A expressão muito usada explica onde é legítimo um determinado interlocutor com um discurso específico falar, trocando em miúdos, é a hora certa de falar sobre algo que se tenha legitimidade para tal.

Acho que você que acompanhou a minha linha de pensamento até aqui, concorde ou não, sabe onde quero chegar.

Aquele nosso amigo, lá do início, o “Poeta”, e todos os artistas de pagode, arrocha, rock, pop, etc, não possuiriam lugar de fala nas suas expressões artísticas, não seriam legitimados por seu público que os ouve e se emociona, dança, sorri, chora, enfim, extravasa as emoções?

Me rendo

Sim amigos. Na minha humilde conclusão dessa coluna de hoje, mais introspectiva, efeito talvez dessas ondas de sentimentos que vão e vêm em meio a essa pandemia, entendo que o “Poeta” talvez tenha mesmo o direito de assim se chamar. Em termos de objetivos artísticos ele e meu ídolo “Renato Russo” seriam diferentes? Renato e o Poeta não estariam tentando traduzir para a música a realidade que os cerca, a reflexão sobre o mundo em que estão inseridos?

Percebam que não estou negando que há uma diferença de temas e formas de abordar, mas pergunto se as visões de mundo e a forma como os artistas as expressam, não seriam ambas legítimas?  Tenho um grande amigo que era só do rock mas, amante de música, começou a trabalhar em um ramo ligado à expressão artística mais popular daqui de Salvador. Hoje ele é um sucesso e entende com profundidade esses movimentos e o público que os ouve.

Até eu já chamei esse amigo meu, zoando com a cara dele, de “ex-roqueiro, mas depois de tantas reflexões entendo que isso não é verdade. O que ele desenvolveu foi justamente uma coisa que o rock prega na sua essência... a liberdade e o respeito às diferenças, a percepção de que não existe aquela coisa polarizada de que só um caminho é o certo, só uma abordagem de um determinado assunto é a que vale, uma postura que aliás tem ficado infelizmente cada vez mais comum.

Sabem, especificamente aqui falando da música, mas com uma ideia que acho poder ser aplicada de forma mais geral, me parece empobrecedor do ponto de vista da complexidade do ser humano, a gente querer limitar as percepções em duas alternativas.

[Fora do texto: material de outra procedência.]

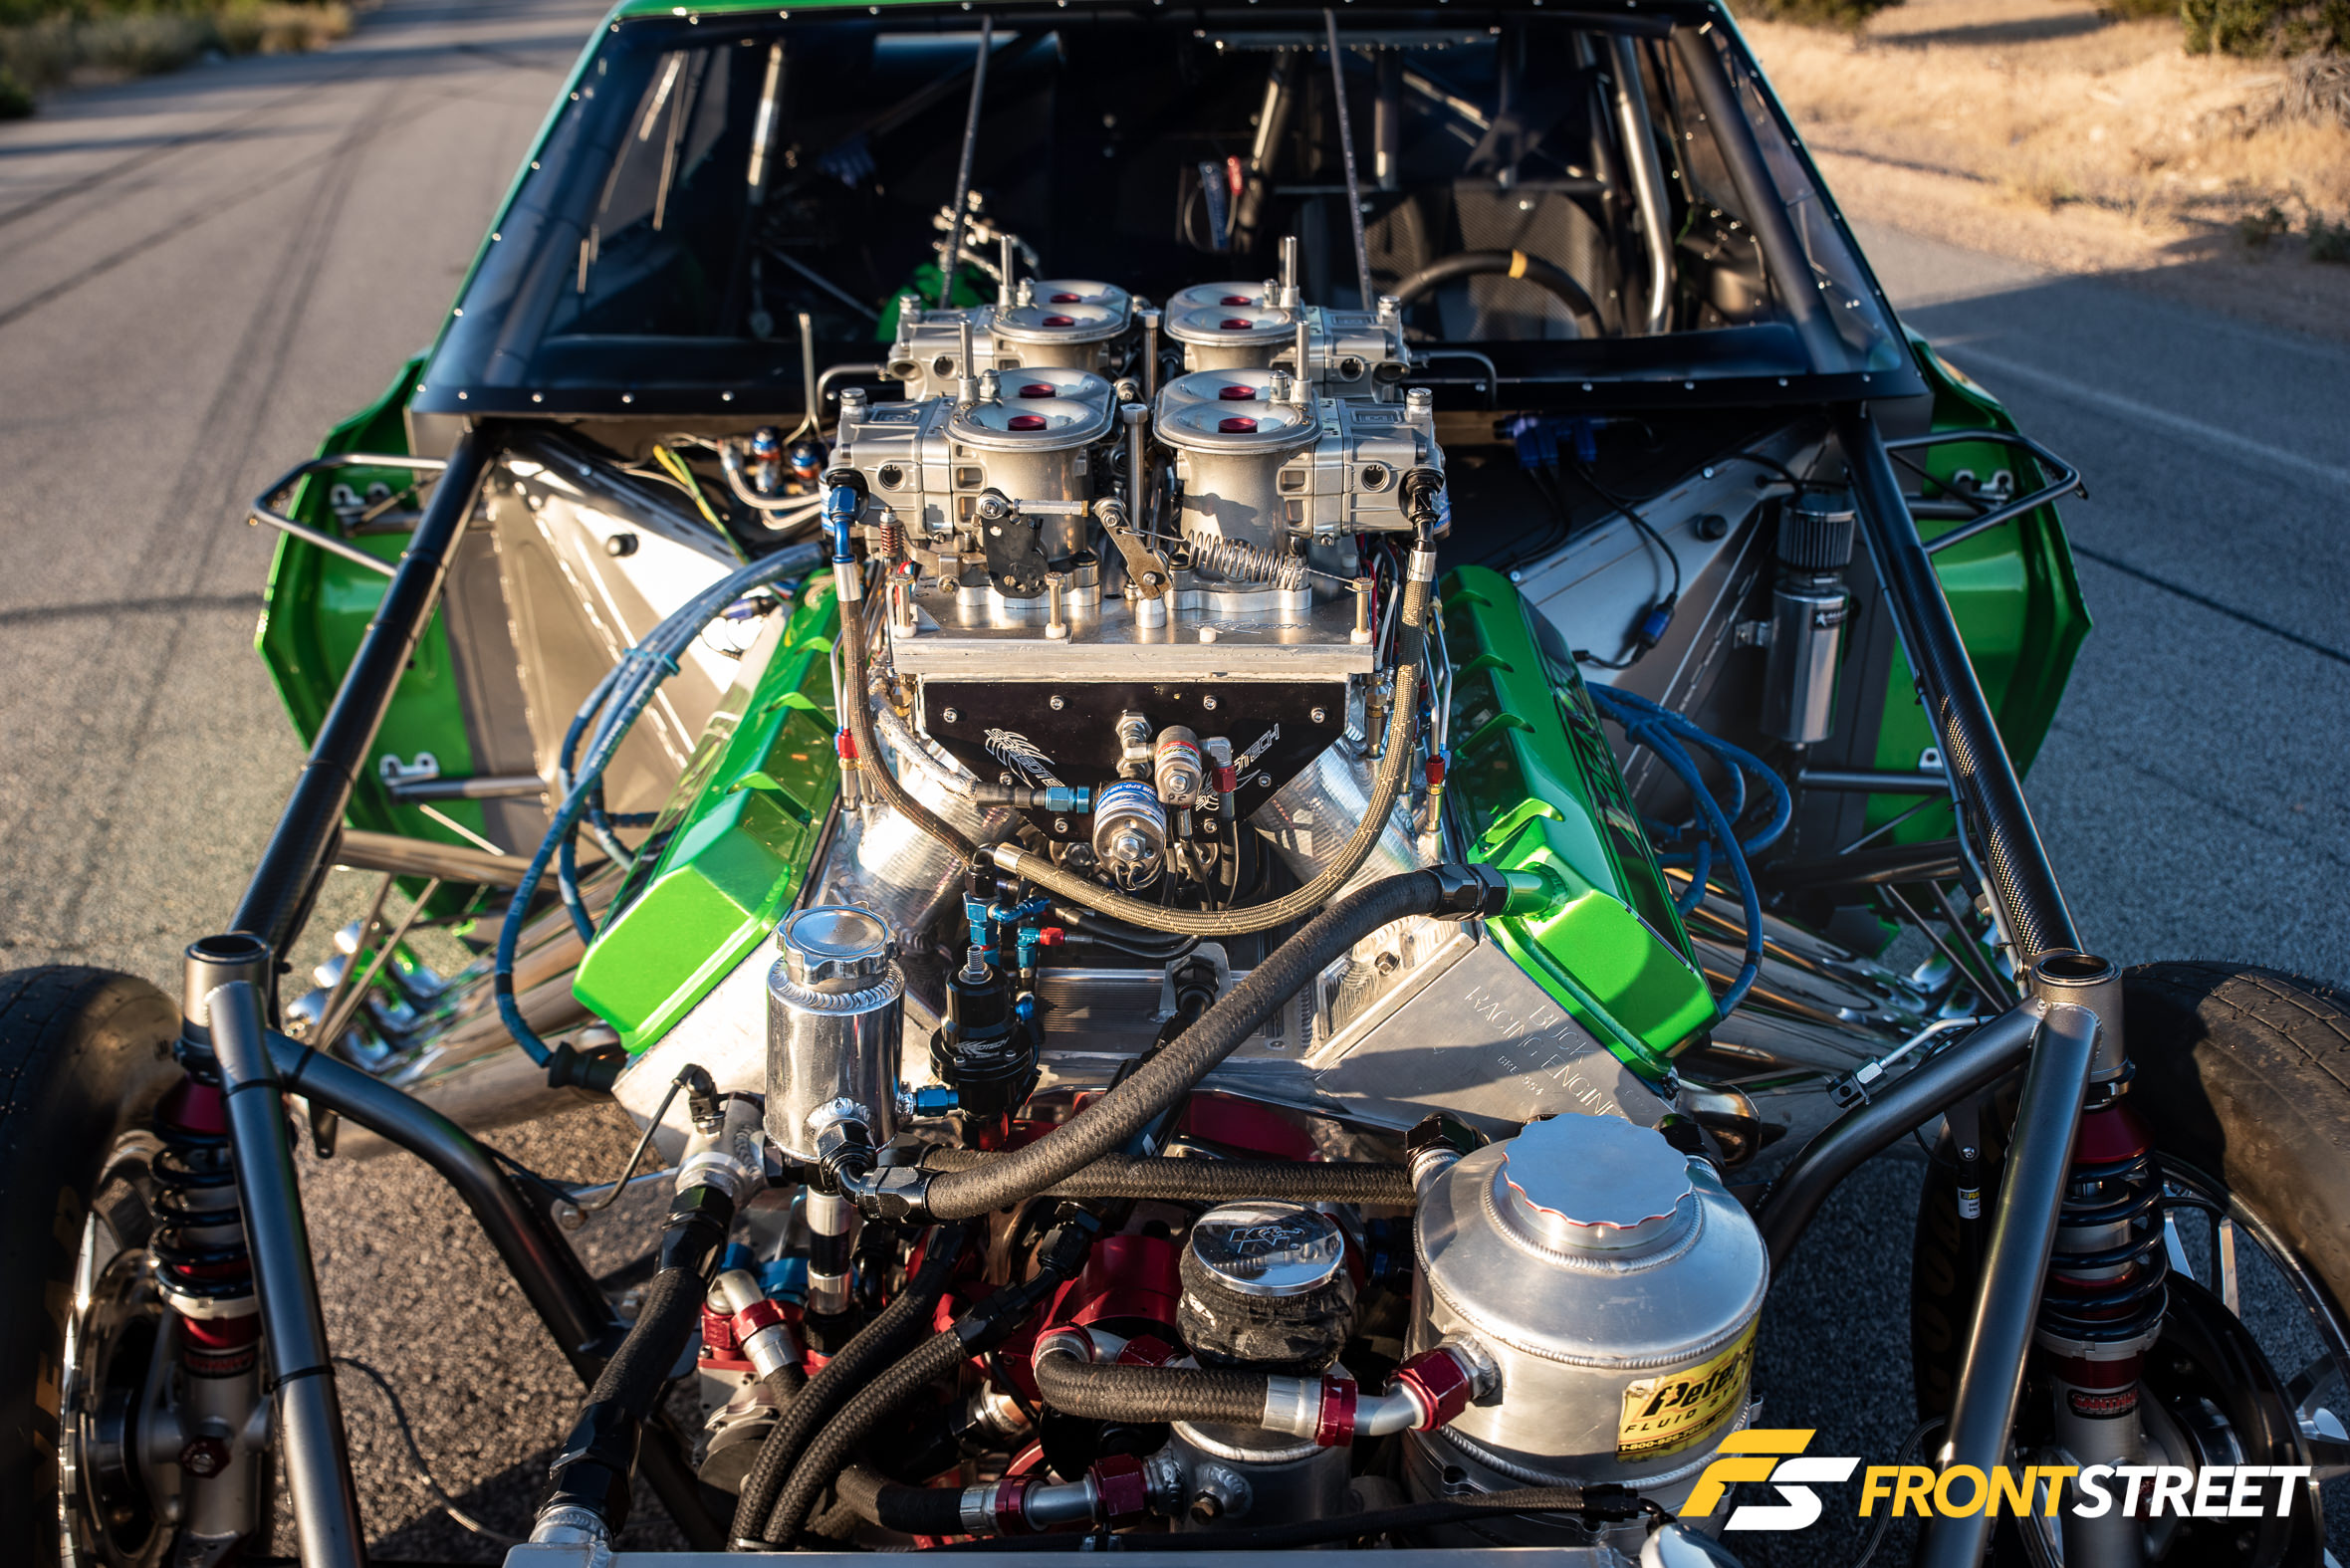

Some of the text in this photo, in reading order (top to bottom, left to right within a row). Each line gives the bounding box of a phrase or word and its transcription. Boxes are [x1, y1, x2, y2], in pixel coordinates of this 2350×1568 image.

[1465, 986, 1544, 1058] RACING
[1528, 1005, 1594, 1065] BUCK
[1624, 1408, 1697, 1434] FLUID

Então por que um artista que faz uma música que é ouvida por milhares de pessoas, que movimenta o imaginário delas – aqui friso novamente que não estou concordando ou discordando das temáticas e da forma como são apresentadas – e que se conecta com a alma desse público não estaria fazendo poesia através da música? Como falei lá no início amigos, hoje só trouxe perguntas. As respostas?